El hombre inquieto (10 page)

Permaneció sentado en el coche, sin girar la llave de contacto. «De un mundo al otro», reflexionó. «Asisto a una obra de teatro que me resulta ajena, salgo de allí y me veo arrojado a un mundo que, por lo general, siempre veo desde fuera. En esta ocasión, en cambio, era yo el que yacía en el suelo, atacado, amenazado.»

Recordaba ante todo el cuchillo. En una ocasión, cuando se hallaba justo en el inicio de su carrera y era un joven policía de Malmö, recibió una terrible cuchillada en el parque Pildammsparken, de manos de un loco que perdió los estribos. Si la hoja del cuchillo se hubiera adentrado unos centímetros más en su cuerpo y en otra dirección, le habría llegado al corazón. En ese caso, no habría vivido todos esos años en Ystad, ni habría podido ver crecer a su hija Linda. Su vida se habría terminado antes de empezar en serio.

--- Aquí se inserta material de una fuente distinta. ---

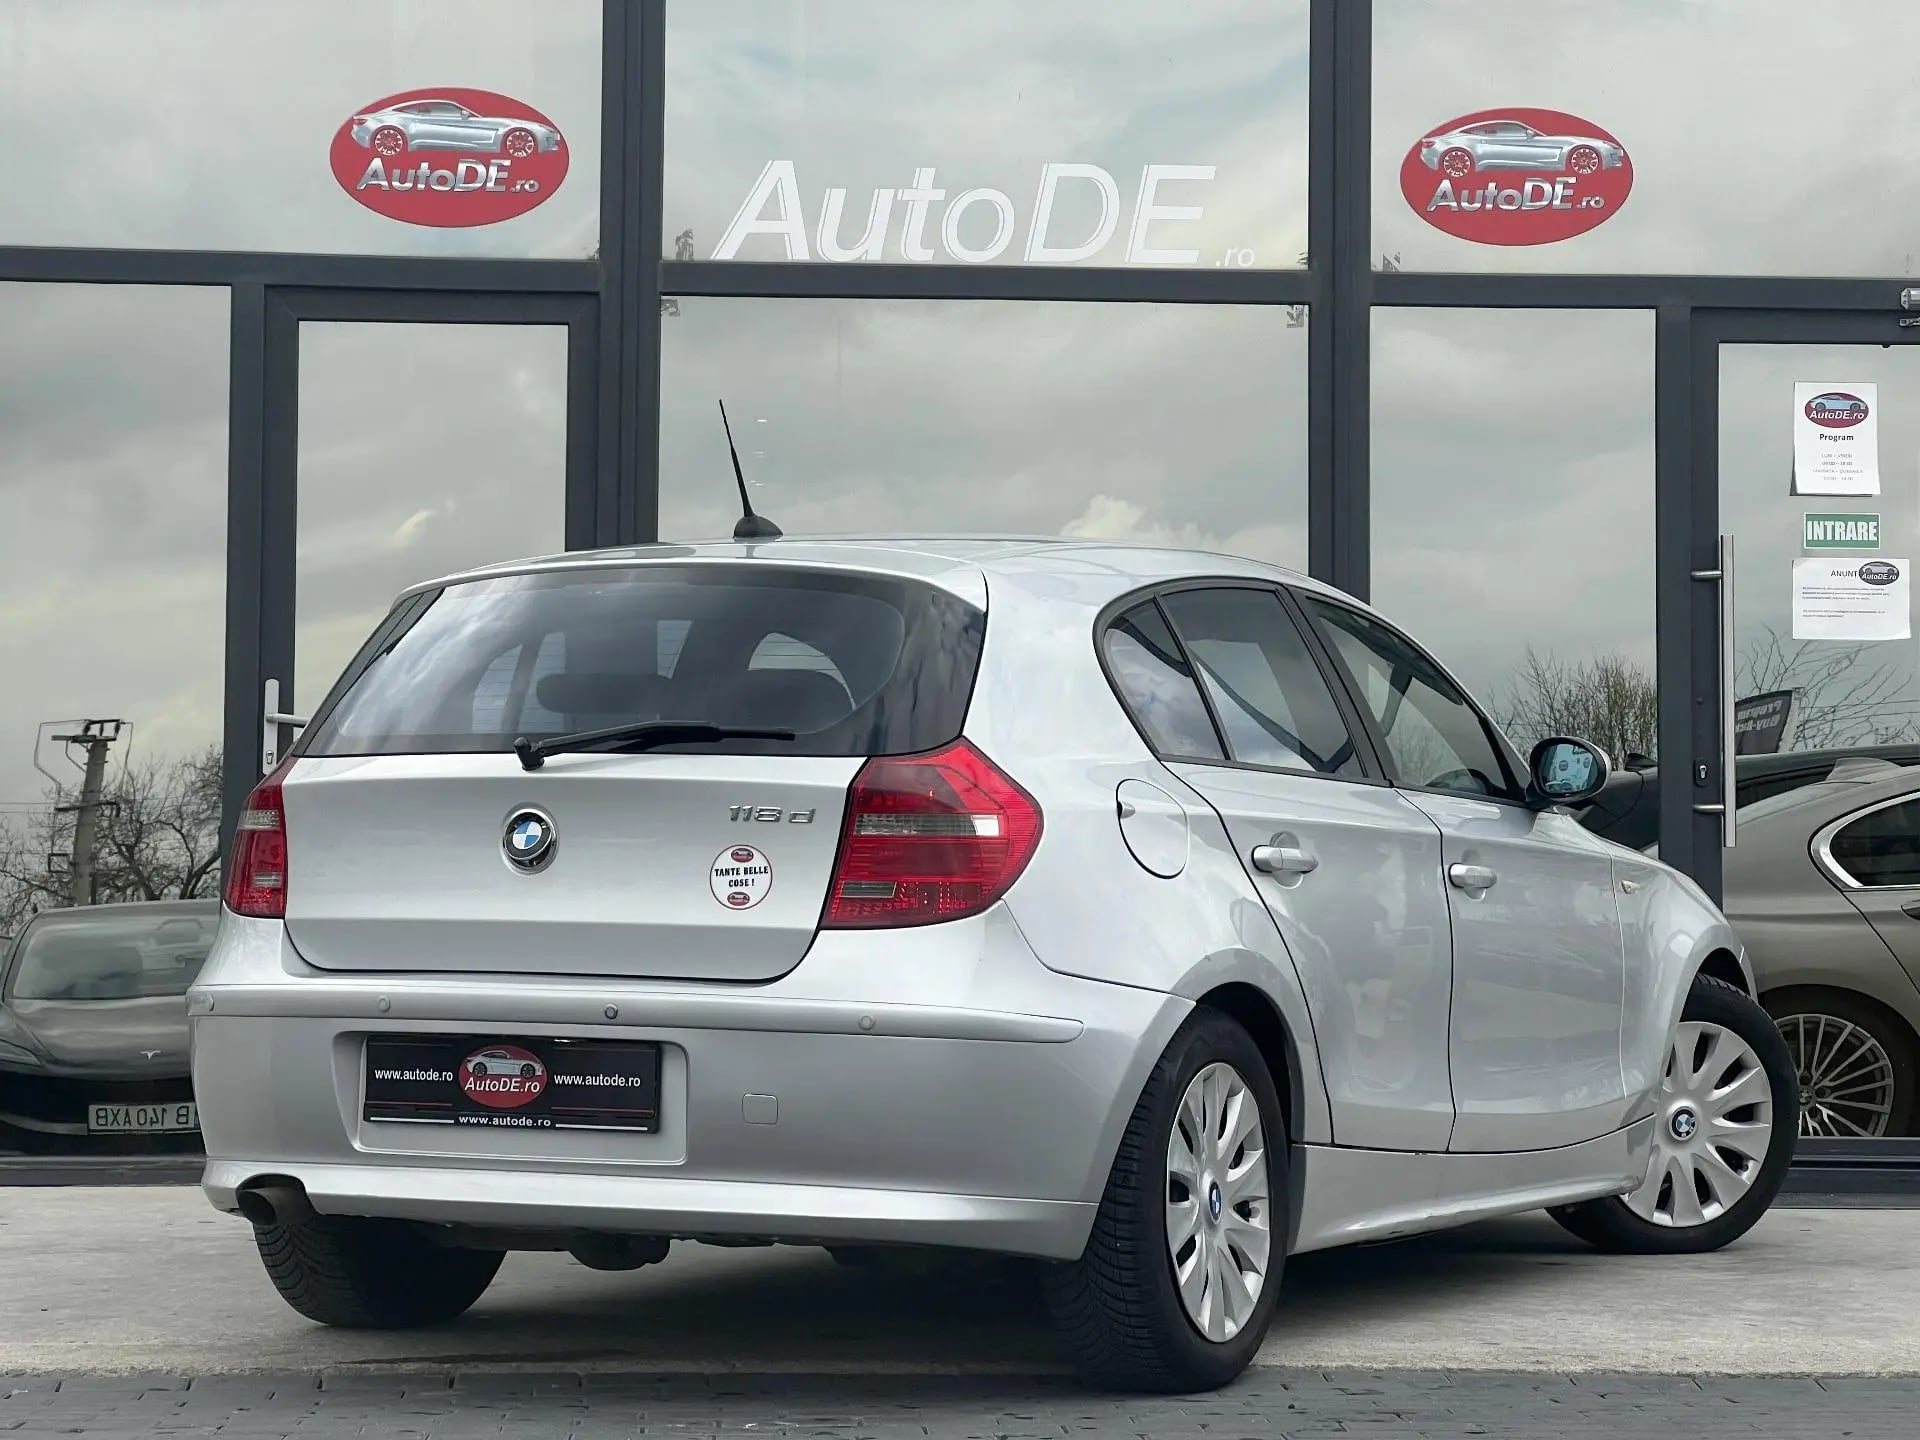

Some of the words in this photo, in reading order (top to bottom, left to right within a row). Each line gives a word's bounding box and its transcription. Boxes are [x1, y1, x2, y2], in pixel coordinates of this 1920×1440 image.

Recordaba lo que pensaba entonces. «Hay un tiempo para vivir y un tiempo para morir.»

En el coche hacía frío. Puso el motor en marcha y la calefacción al máximo. Una y otra vez evocaba lo sucedido. Aún estaba conmocionado, pero notó que también la ira se abría paso en su interior.

Se sobresaltó al oír que alguien llamaba a la ventanilla y se puso en guardia pensando que serían los dos jóvenes. Pero el rostro que atisbó por el cristal era de una señora canosa que llevaba una boina. Wallander entreabrió la puerta.

—Está prohibido dejar el motor en marcha tanto tiempo como lo tiene usted —le dijo—. Estoy paseando al perro y he comprobado, reloj en mano, cuánto tiempo lleva ahí parado.

Wallander no respondió, simplemente asintió y se marchó enseguida. Aquella noche tardó en conciliar el sueño. La última vez que miró el reloj eran más de las cinco. Al día siguiente, desapareció Håkan von Enke. Y Wallander no denunció el atraco de que había sido víctima.

No se lo confió a nadie, ni siquiera a Linda.

Dos días después de la desaparición de Von Enke, Wallander empezó a creer que debía de haberle ocurrido algo. Como él aún estaba de baja, le pareció absolutamente lógico que su futuro yerno lo llamase y le pidiese que fuera a Estocolmo. Wallander intuyó que, en realidad, fue Louise quien le sugirió que le pidiera ayuda. En cualquier caso, él les explicó que no quería mezclarse en el trabajo de la Policía, que los encargados del caso eran sus colegas de Estocolmo. Los policías que se inmiscuían en las tareas de los demás y pisaban terreno ajeno no solían caer muy bien.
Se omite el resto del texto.